■ **Exercise goal**:
Every record below should be repeated exactly, with the pictures left out.

[Record excerpts Boundary: Start]

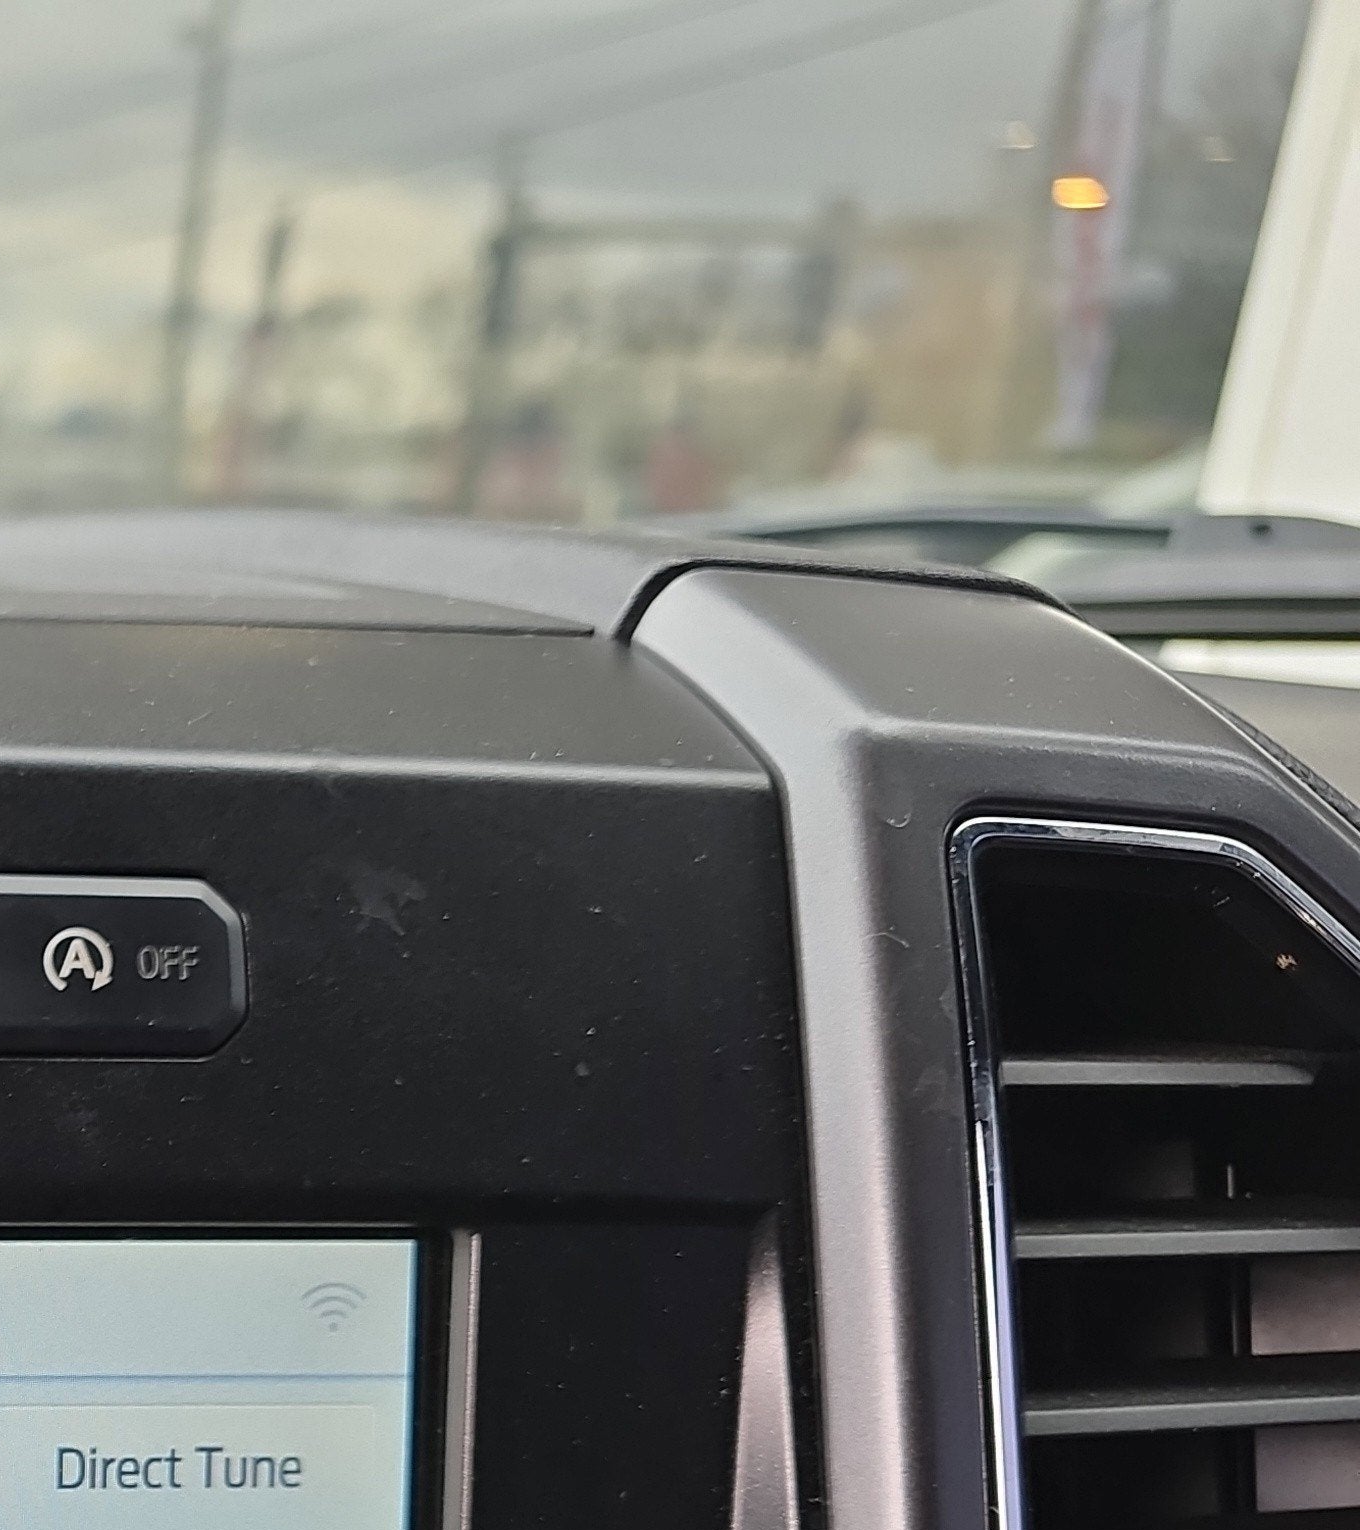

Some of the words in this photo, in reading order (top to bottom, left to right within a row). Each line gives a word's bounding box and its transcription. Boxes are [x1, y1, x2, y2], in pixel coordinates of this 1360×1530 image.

[138, 946, 198, 979] OFF
[57, 1447, 182, 1490] Direct
[195, 1446, 302, 1489] Tune
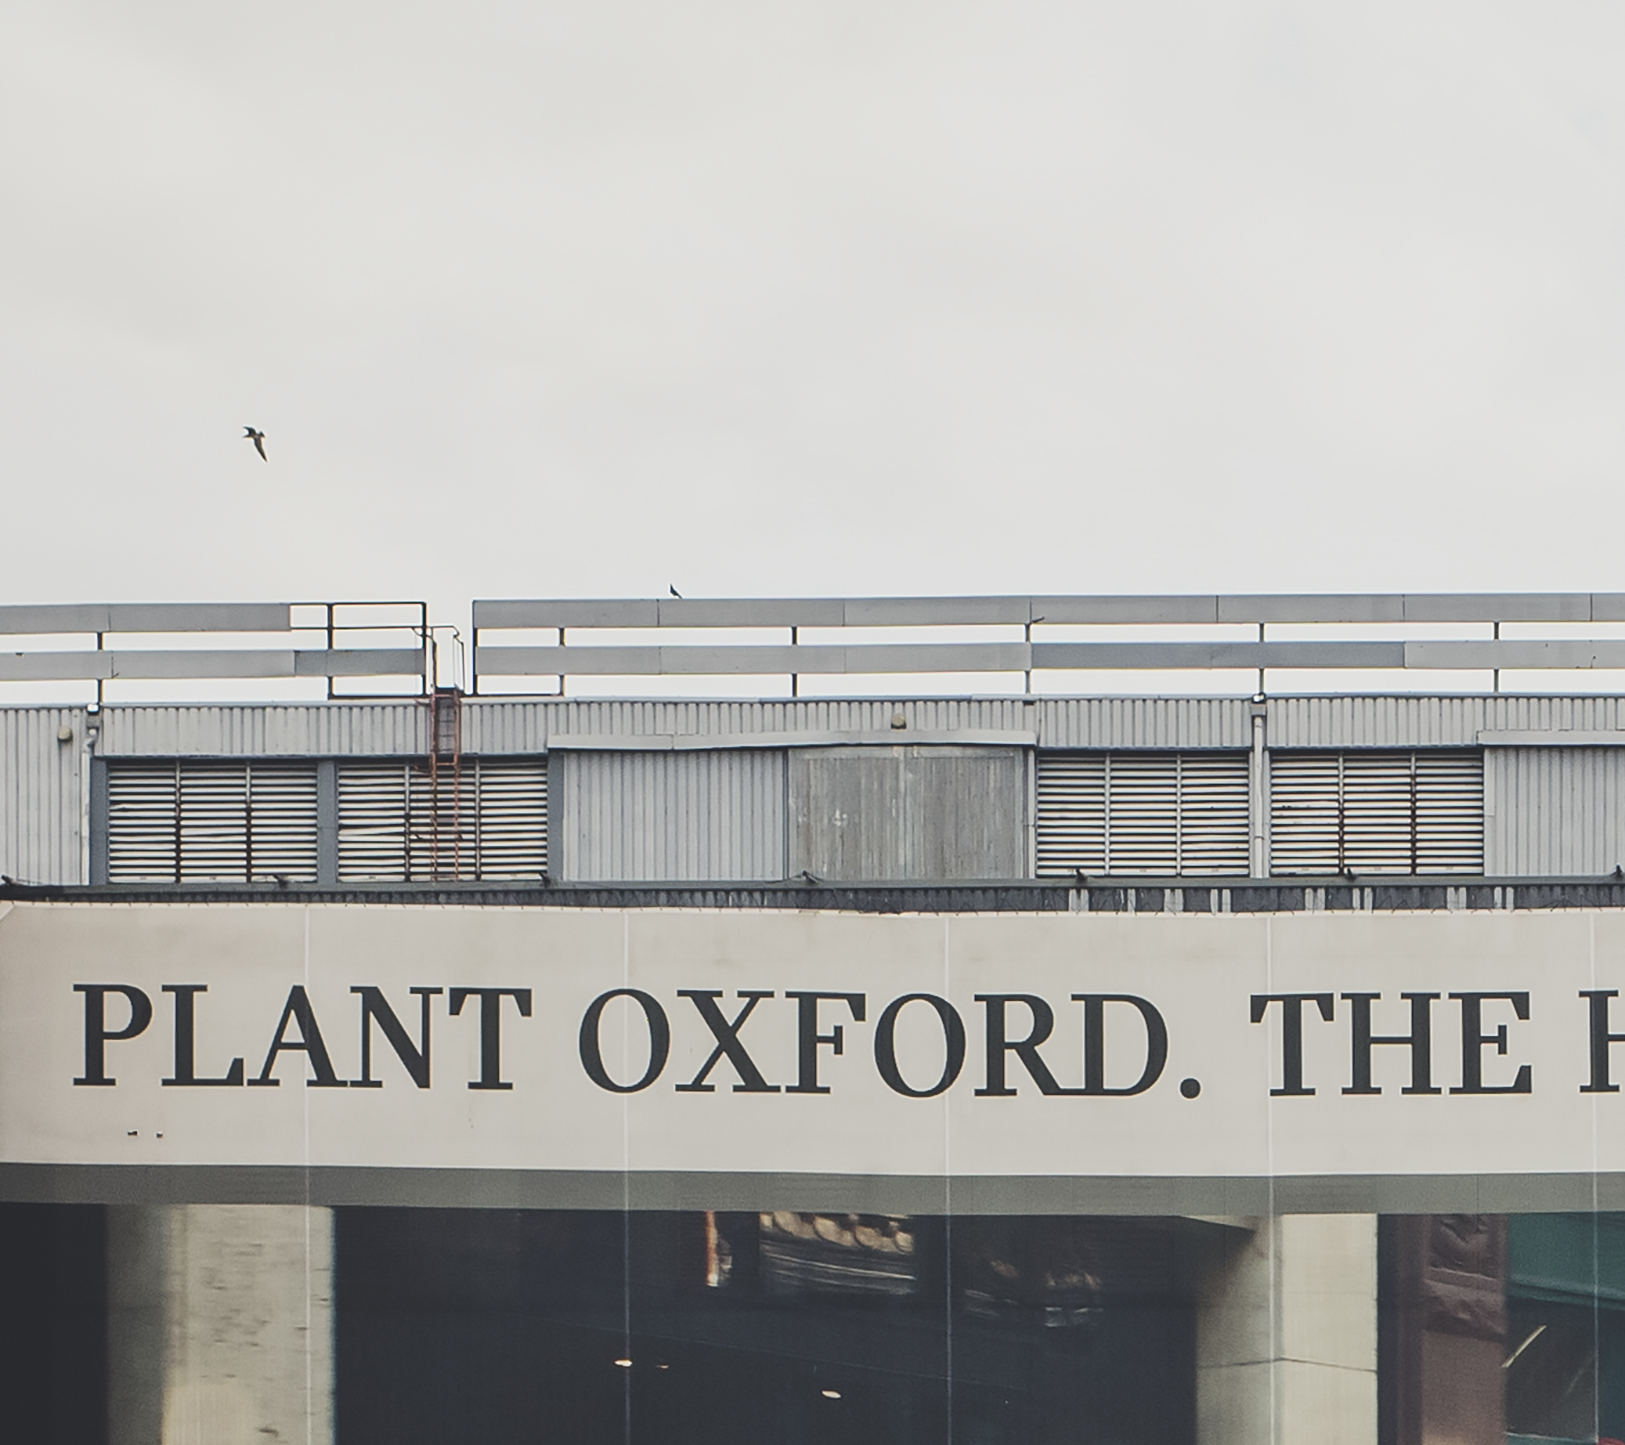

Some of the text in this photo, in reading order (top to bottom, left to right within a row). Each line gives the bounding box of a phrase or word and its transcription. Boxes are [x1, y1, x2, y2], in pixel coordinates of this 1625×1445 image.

[74, 984, 531, 1089] PLANT
[580, 989, 1200, 1098] OXFORD.
[1251, 992, 1531, 1096] THE

[Record excerpts Boundary: End]

■ **Solution to this task**:
Some of the words in this photo, in reading order (top to bottom, left to right within a row). Each line gives a word's bounding box and its transcription. Boxes are [x1, y1, x2, y2], in pixel coordinates of this 1360×1530 image.

[138, 946, 198, 979] OFF
[57, 1447, 182, 1490] Direct
[195, 1446, 302, 1489] Tune

Some of the text in this photo, in reading order (top to bottom, left to right within a row). Each line gives the bounding box of a phrase or word and its transcription. Boxes are [x1, y1, x2, y2], in pixel coordinates of this 1625×1445 image.

[74, 984, 531, 1089] PLANT
[580, 989, 1200, 1098] OXFORD.
[1251, 992, 1531, 1096] THE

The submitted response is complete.